Yo no aparté los ojos de Memnoch mientras me explicaba esas cosas. Estábamos todavía junto al arroyo. Pese a hablarme del consuelo que sintió al hablar con Dios, parecía inquieto, impaciente por continuar su relato.

—Regresé al cielo, pero, tal como te he dicho, el carácter del cielo había cambiado. Todo se centraba ahora en la Tierra. La Tierra constituía el «discurso celestial». Me presenté ante Dios, me arrodillé delante de Él, le conté mis dudas y temores, y sobre todo le expresé mi gratitud por haberme tranquilizado. Cuando terminé, le pregunté si me autorizaba a regresar de nuevo al mundo.

»Dios contestó con una de sus sublimes y ambiguas respuestas, que venía a decir: "No te prohíbo que vayas. Eres un observador y tu deber es observar." De modo que descendí de nuevo a la Tierra...

—Espera —le interrumpí—. Quiero hacerte una pregunta.

—De acuerdo —contestó Memnoch pacientemente—. Pero prosigamos nuestro camino.

Atravesamos el arroyo saltando de piedra en piedra y al cabo de unos minutos ya habíamos dejado atrás el sonido de la cascada y nos hallábamos en un bosque aún más denso que el anterior, poblado de animales que no alcanzaba a ver pero cuya presencia intuía.

—Mi pregunta es la siguiente —dije—: ¿Te parecía el cielo aburrido comparado con la Tierra?

—No, pero la Tierra centraba toda nuestra atención. No podíamos estar en el cielo y olvidarnos de la Tierra, porque todos la observábamos y cantábamos sus alabanzas. Eso es todo. No, el cielo seguía siendo un lugar tan fascinante y maravilloso como siempre; de hecho, la nota sombría que constituía la muerte y descomposición de los organismos vivos añadió una infinita variedad de elementos sobre los que reflexionar y cantar.
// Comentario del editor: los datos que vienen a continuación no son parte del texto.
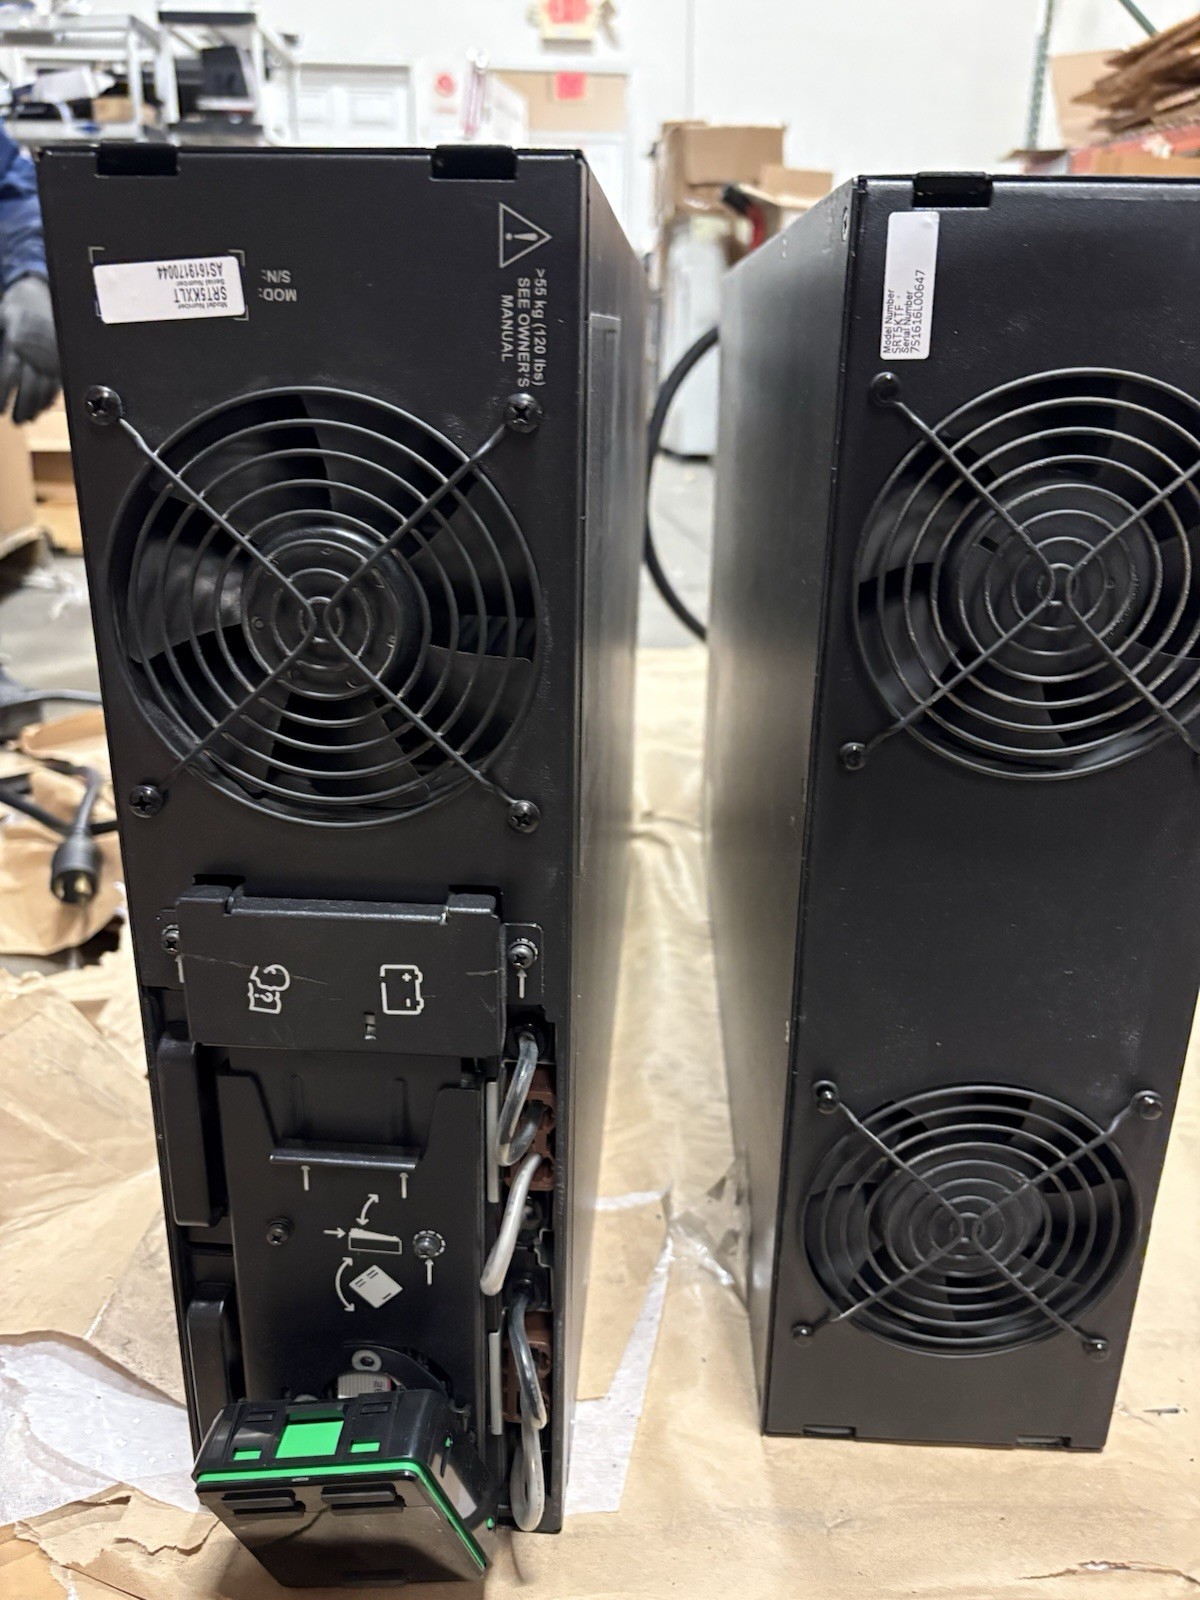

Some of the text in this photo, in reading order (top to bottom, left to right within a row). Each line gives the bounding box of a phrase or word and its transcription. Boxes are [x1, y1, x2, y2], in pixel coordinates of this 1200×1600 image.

—Comprendo. Supongo que podría decirse que esas revelaciones ampliaron e intensificaron el cielo.

—¡Sin duda! Y no olvides la música, no creas que se trataba de un lugar común inventado por la religión. La música alcanzaba continuamente unas cotas inimaginables en su celebración de los prodigios a los que asistíamos. Pasaron milenios antes de que los instrumentos musicales alcanzaran un nivel siquiera comparable a la música que creaban los ángeles con sus voces, el batir de sus alas y el murmullo de los vientos que se alzaban de la Tierra.

Yo asentí.

—¿Qué pasa? —preguntó Memnoch—. ¿Querías decir algo?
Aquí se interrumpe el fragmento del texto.